Limitations of Use with Reptiles

Success depends on the ability of the ultrasonographer and knowledge of normal anatomy of the reptile being scanned.

 Ultrasound waves do not penetrate well through mineralized tissue (boney shell of chelonians and heavily keratinized scales of some reptiles).

 Ultrasound waves are disrupted by air so sonography has limitations when investigating respiratory and gastro-intestinal diseases.

 Scanning during ecdysis is difficult as the air between the layers of skin can cause interference.

 Ultrasound can be used to guide biopsy collection, but when dealing with small reptile patients the use of endoscopy offers superior, direct visualization and has proven to be more valuable for accurate and safe biopsy collection.

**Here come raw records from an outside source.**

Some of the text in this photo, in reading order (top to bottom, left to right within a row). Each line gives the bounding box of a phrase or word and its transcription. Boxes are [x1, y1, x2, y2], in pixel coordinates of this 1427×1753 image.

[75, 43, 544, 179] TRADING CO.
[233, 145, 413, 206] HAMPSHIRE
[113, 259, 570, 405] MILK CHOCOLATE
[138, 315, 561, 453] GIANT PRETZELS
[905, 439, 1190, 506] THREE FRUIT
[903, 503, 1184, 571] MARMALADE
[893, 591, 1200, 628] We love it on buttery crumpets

Probe Size and Techniques for Improving Imaging through Keratinized Reptile Scales

The giant species will require a 5MHz probe while a 7.5MHz probe will suffice for most reptiles. When dealing with very small specimens (or for the ultrasound examination of eyes) a 10MHz probe with a small footprint is more appropriate.

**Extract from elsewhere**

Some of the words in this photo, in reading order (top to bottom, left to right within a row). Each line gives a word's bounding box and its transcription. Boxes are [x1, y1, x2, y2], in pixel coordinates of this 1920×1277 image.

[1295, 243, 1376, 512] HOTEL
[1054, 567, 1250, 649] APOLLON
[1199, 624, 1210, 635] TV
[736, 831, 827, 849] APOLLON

Good contact and imaging generally requires copious quantities of gel or a water bath.

Improve imaging of thick keratinized reptile scales by:

 Bathing or soaking the animal in a warm water bath for 10-15 minutes prior to scanning.

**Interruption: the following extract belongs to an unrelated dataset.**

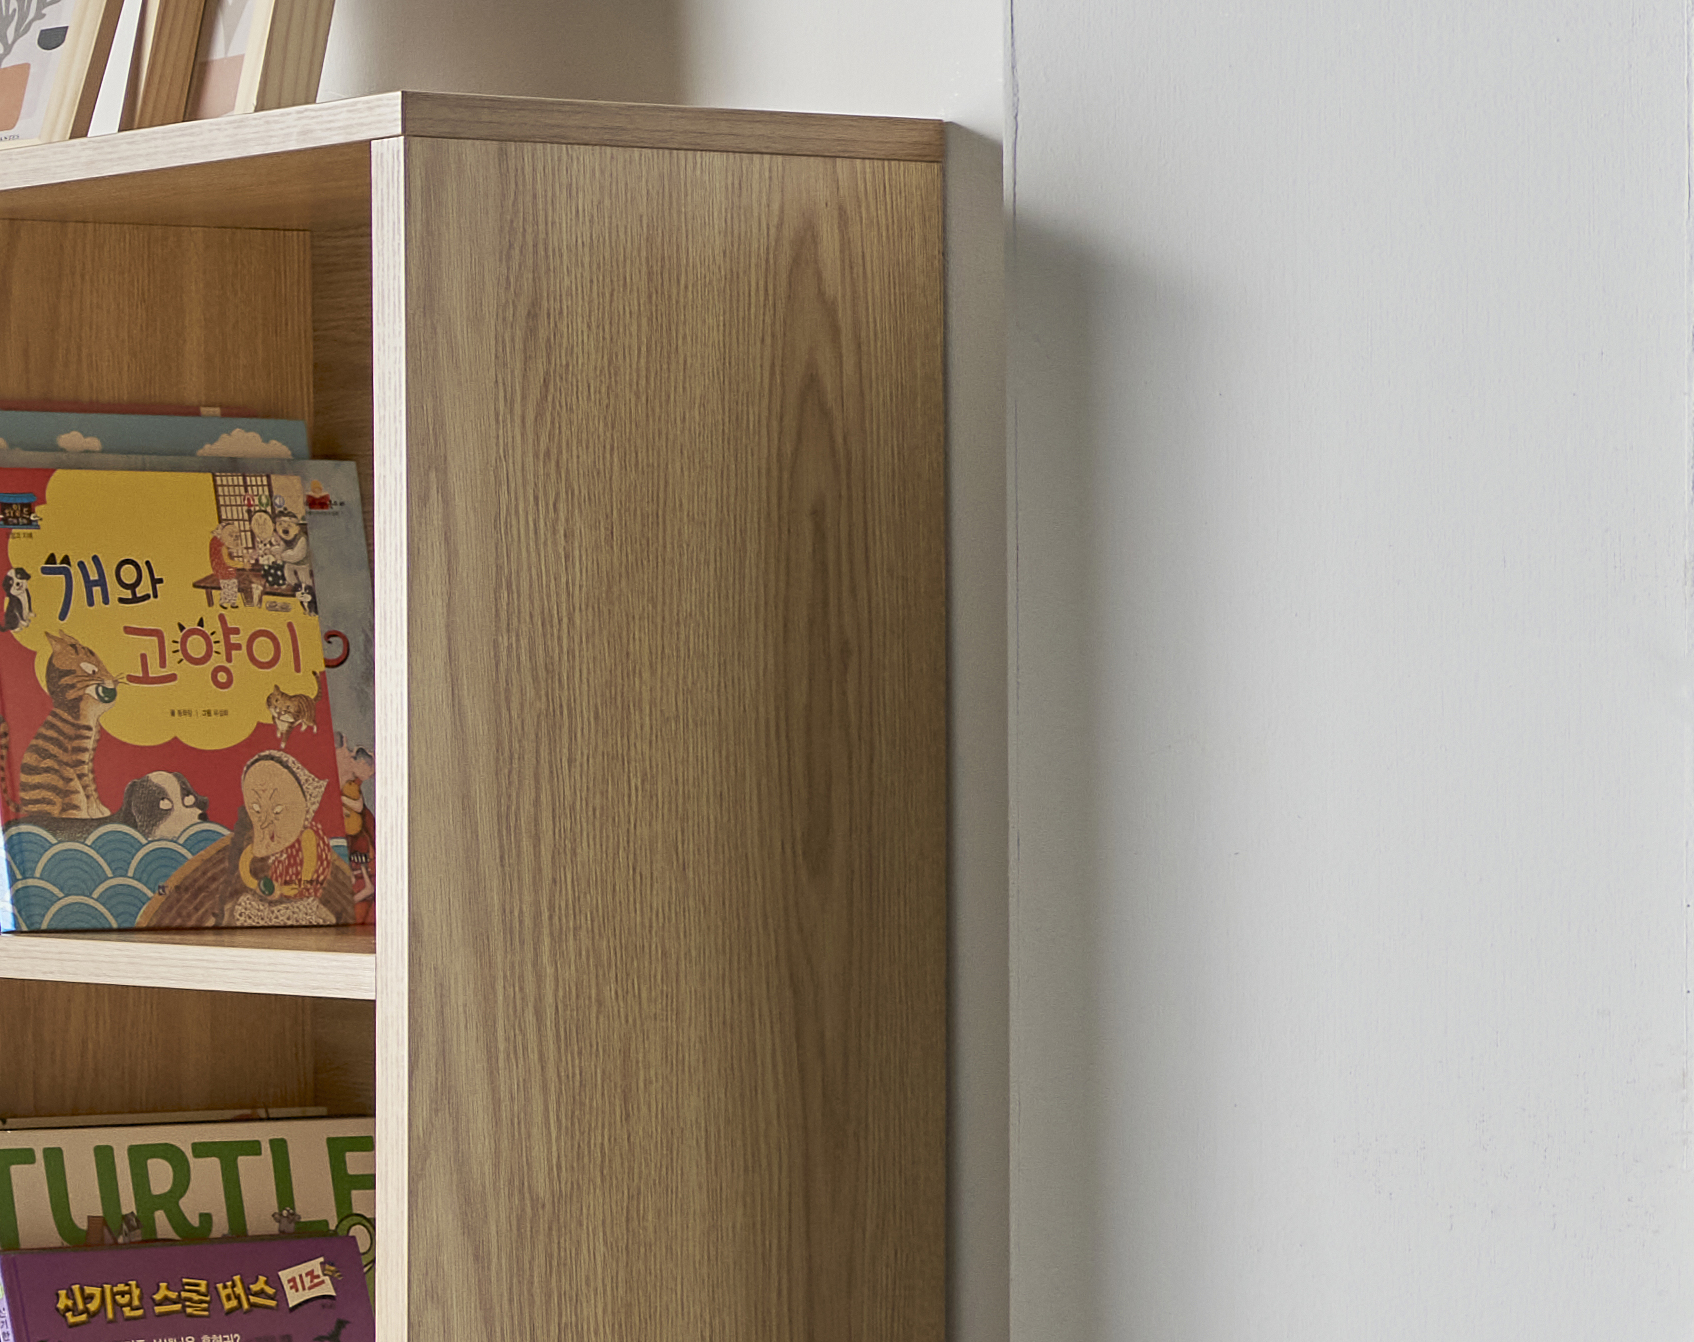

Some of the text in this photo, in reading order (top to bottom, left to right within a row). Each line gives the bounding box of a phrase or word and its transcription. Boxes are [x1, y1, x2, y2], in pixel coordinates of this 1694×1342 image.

 Apply the coupling gel 10-15 minutes prior to scanning.

 Use copious amounts of coupling gel to improve contact.

 For small reptiles a water bath may be utilized and the patient scanned ventrally using coupling gel between the plastic container and the probe.

 If possible and by protecting the ultrasound probe (i.e., wrap in surgical glove to waterproof etc. if necessary) imaging in a warm water bath will improve contact and image quality.

 The use of a suitable standoff in conjunction with copious gel may be helpful to improve image.

 Scan lizards and snakes from the ventrum to minimize interference from ribs.

 Scan chelonians in available soft tissue “windows” to avoid interference from the shell.

Lizards^7,8,10

Techniques

The celomic structures of lizards are typically scanned in dorsal recumbency. However, if stressed on their backs they can be scanned in a normal sitting position with the use of a scanning table or by slightly elevating their bodies with towels. Scanning obese lizards in sternal recumbency laterally to avoid scanning through fat pads may be helpful in some cases. Other techniques as described above can be utilized to improve the scanning image (soaking in a bath prescan, using copious amounts of coupling gel, or the use of a water bath during scanning). The ultrasound technique for lizards is to scan on the midline in a cranial to caudal direction in both longitudinal and transverse sections making sure to scan the entire celomic cavity.

Heart

 The heart in lizards varies in its location from a very cranial location between the shoulders as in the green iguana (Iguana iguana) to midbody between the liver lobes as in monitor lizards (Varanus spp.). The heart is oval in shape with three chambers, a right and left atrium and one ventricle.

 On ultrasound the heart is oval in shape. The round atriums are hypoechoic; the ventricle is also hypoechoic and is surrounded by a hyperechoic pericardium.

 In larger species (~ ½ kg or larger) the hyperechoic valves can be seen.Lungs in lizards can make it difficult to sometimes visualize the heart.

 Due to the thick ventricle (highly trabeculated) it is difficult to diagnose hypertrophy or other cardiac disease; M-mode and Doppler studies are difficult in lizards and chelonians due to the cranial location of heart and heart size.

 Continued research in heart contractility and blood flow (with the use of color Doppler) in larger species of lizards will hopefully provide more information on cardiac function and physiology. Unique reptile physiology may also make these studies more difficult due to external factors that can affect cardiopulmonary function in reptiles such as body temperature.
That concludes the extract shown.